┏━━
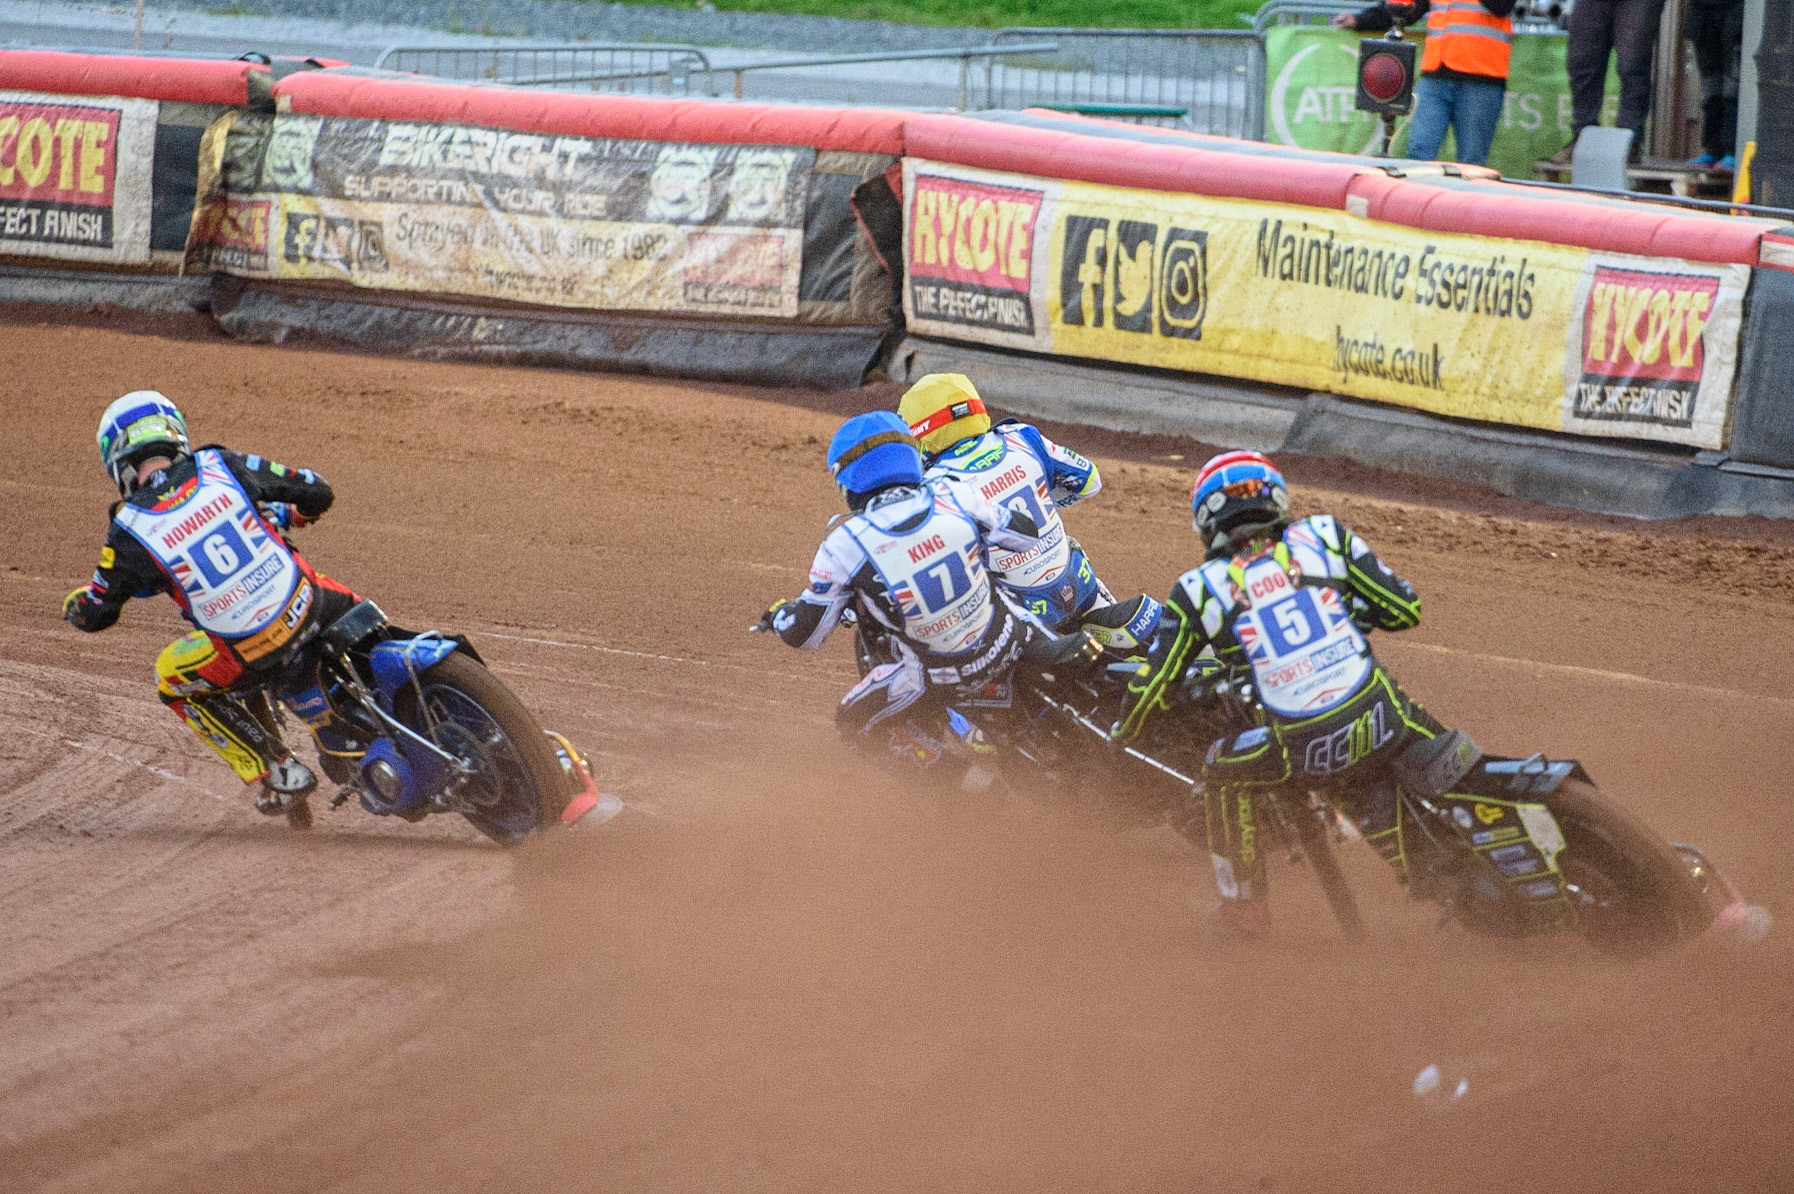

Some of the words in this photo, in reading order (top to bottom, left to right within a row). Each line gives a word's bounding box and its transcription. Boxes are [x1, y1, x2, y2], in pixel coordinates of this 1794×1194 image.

[43, 209, 103, 241] FINISH
[914, 189, 1034, 279] HYCOTE
[1256, 217, 1410, 301] Maintenance
[1414, 243, 1536, 320] Essentials
[914, 285, 937, 313] THE
[1588, 282, 1710, 367] HYCOTE
[1333, 325, 1445, 390] hycote.co.uk
[980, 465, 1027, 500] HARRIS
[161, 493, 233, 549] HOWARTH
[203, 533, 240, 575] 6
[907, 534, 946, 564] KING
[998, 546, 1039, 572] SPORTS
[202, 584, 247, 618] SPORTS
[243, 554, 284, 594] INSURE
[928, 562, 956, 602] 7
[1251, 572, 1286, 599] COO
[916, 610, 961, 638] SPORTS
[1272, 598, 1312, 646] 5
[1265, 657, 1314, 689] SPORTS
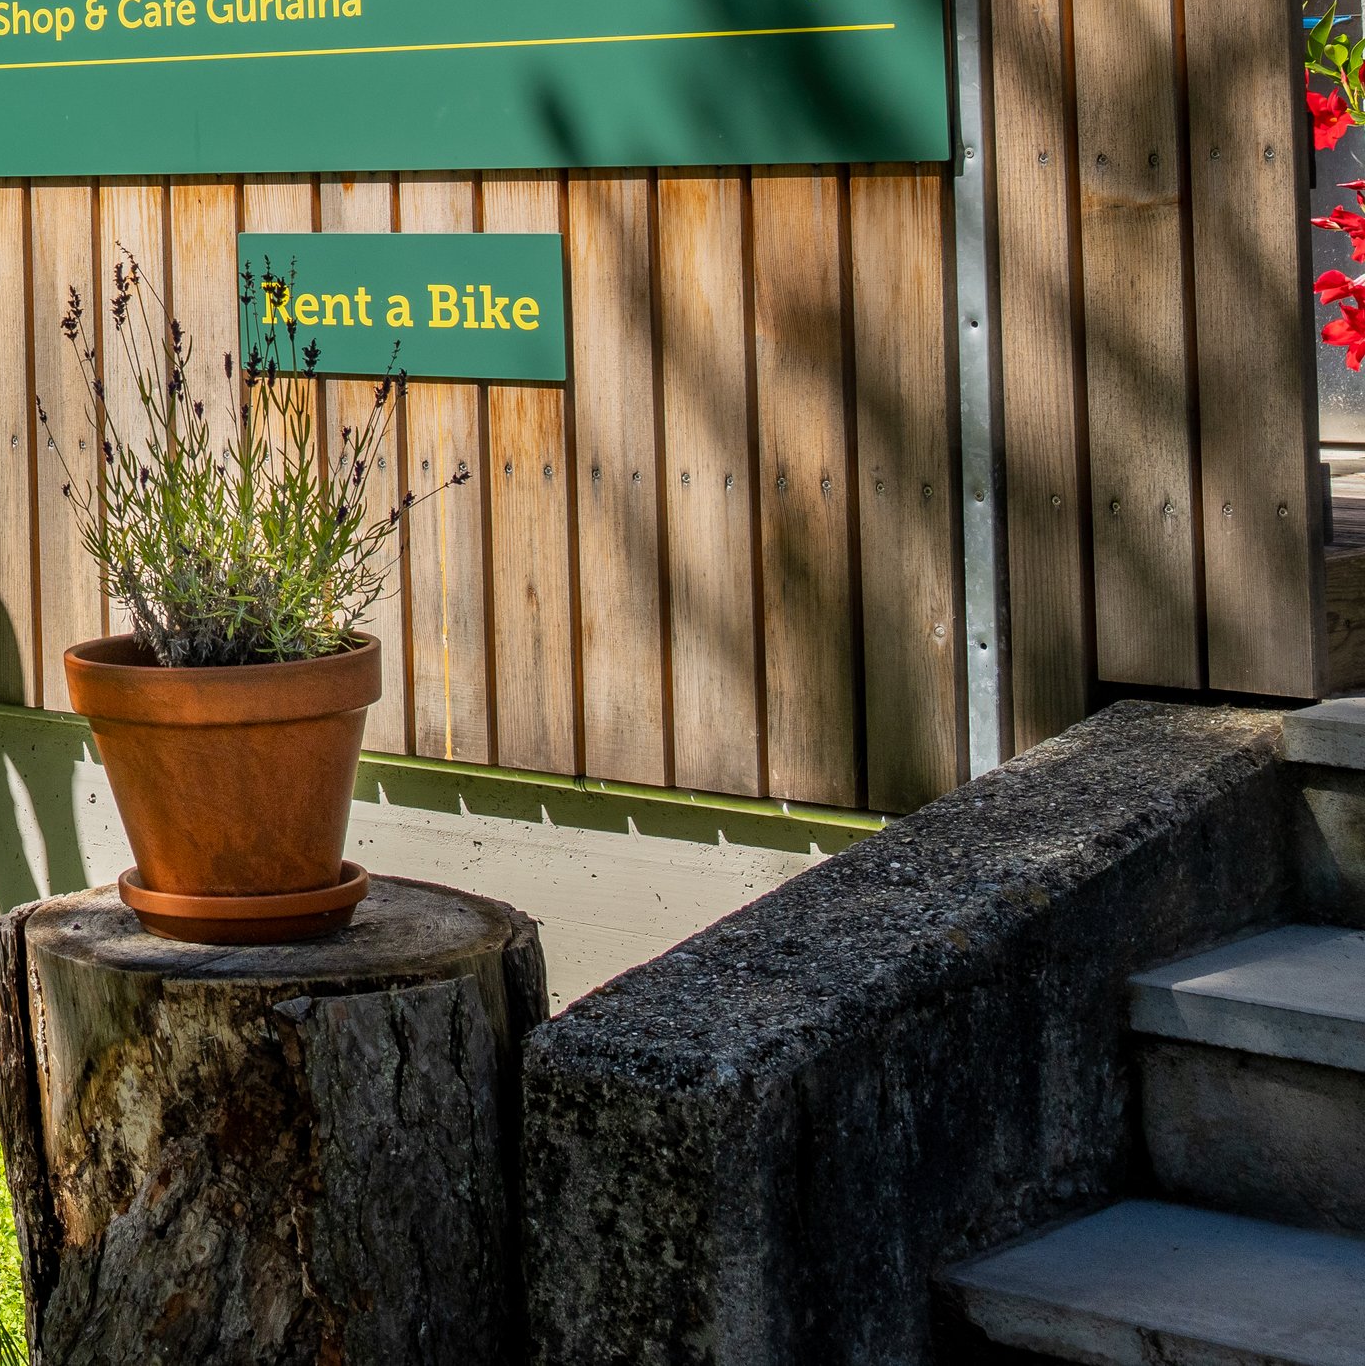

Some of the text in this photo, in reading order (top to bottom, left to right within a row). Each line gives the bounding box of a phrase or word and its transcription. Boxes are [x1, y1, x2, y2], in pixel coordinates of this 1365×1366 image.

[261, 281, 540, 331] Rent a Bike
┗━━
> [Requirement]: Restate the material above word for word, dropping the pictures.

> [Expected output]:
Some of the words in this photo, in reading order (top to bottom, left to right within a row). Each line gives a word's bounding box and its transcription. Boxes are [x1, y1, x2, y2], in pixel coordinates of this 1794×1194 image.

[43, 209, 103, 241] FINISH
[914, 189, 1034, 279] HYCOTE
[1256, 217, 1410, 301] Maintenance
[1414, 243, 1536, 320] Essentials
[914, 285, 937, 313] THE
[1588, 282, 1710, 367] HYCOTE
[1333, 325, 1445, 390] hycote.co.uk
[980, 465, 1027, 500] HARRIS
[161, 493, 233, 549] HOWARTH
[203, 533, 240, 575] 6
[907, 534, 946, 564] KING
[998, 546, 1039, 572] SPORTS
[202, 584, 247, 618] SPORTS
[243, 554, 284, 594] INSURE
[928, 562, 956, 602] 7
[1251, 572, 1286, 599] COO
[916, 610, 961, 638] SPORTS
[1272, 598, 1312, 646] 5
[1265, 657, 1314, 689] SPORTS

Some of the text in this photo, in reading order (top to bottom, left to right within a row). Each line gives the bounding box of a phrase or word and its transcription. Boxes are [x1, y1, x2, y2], in pixel coordinates of this 1365×1366 image.

[261, 281, 540, 331] Rent a Bike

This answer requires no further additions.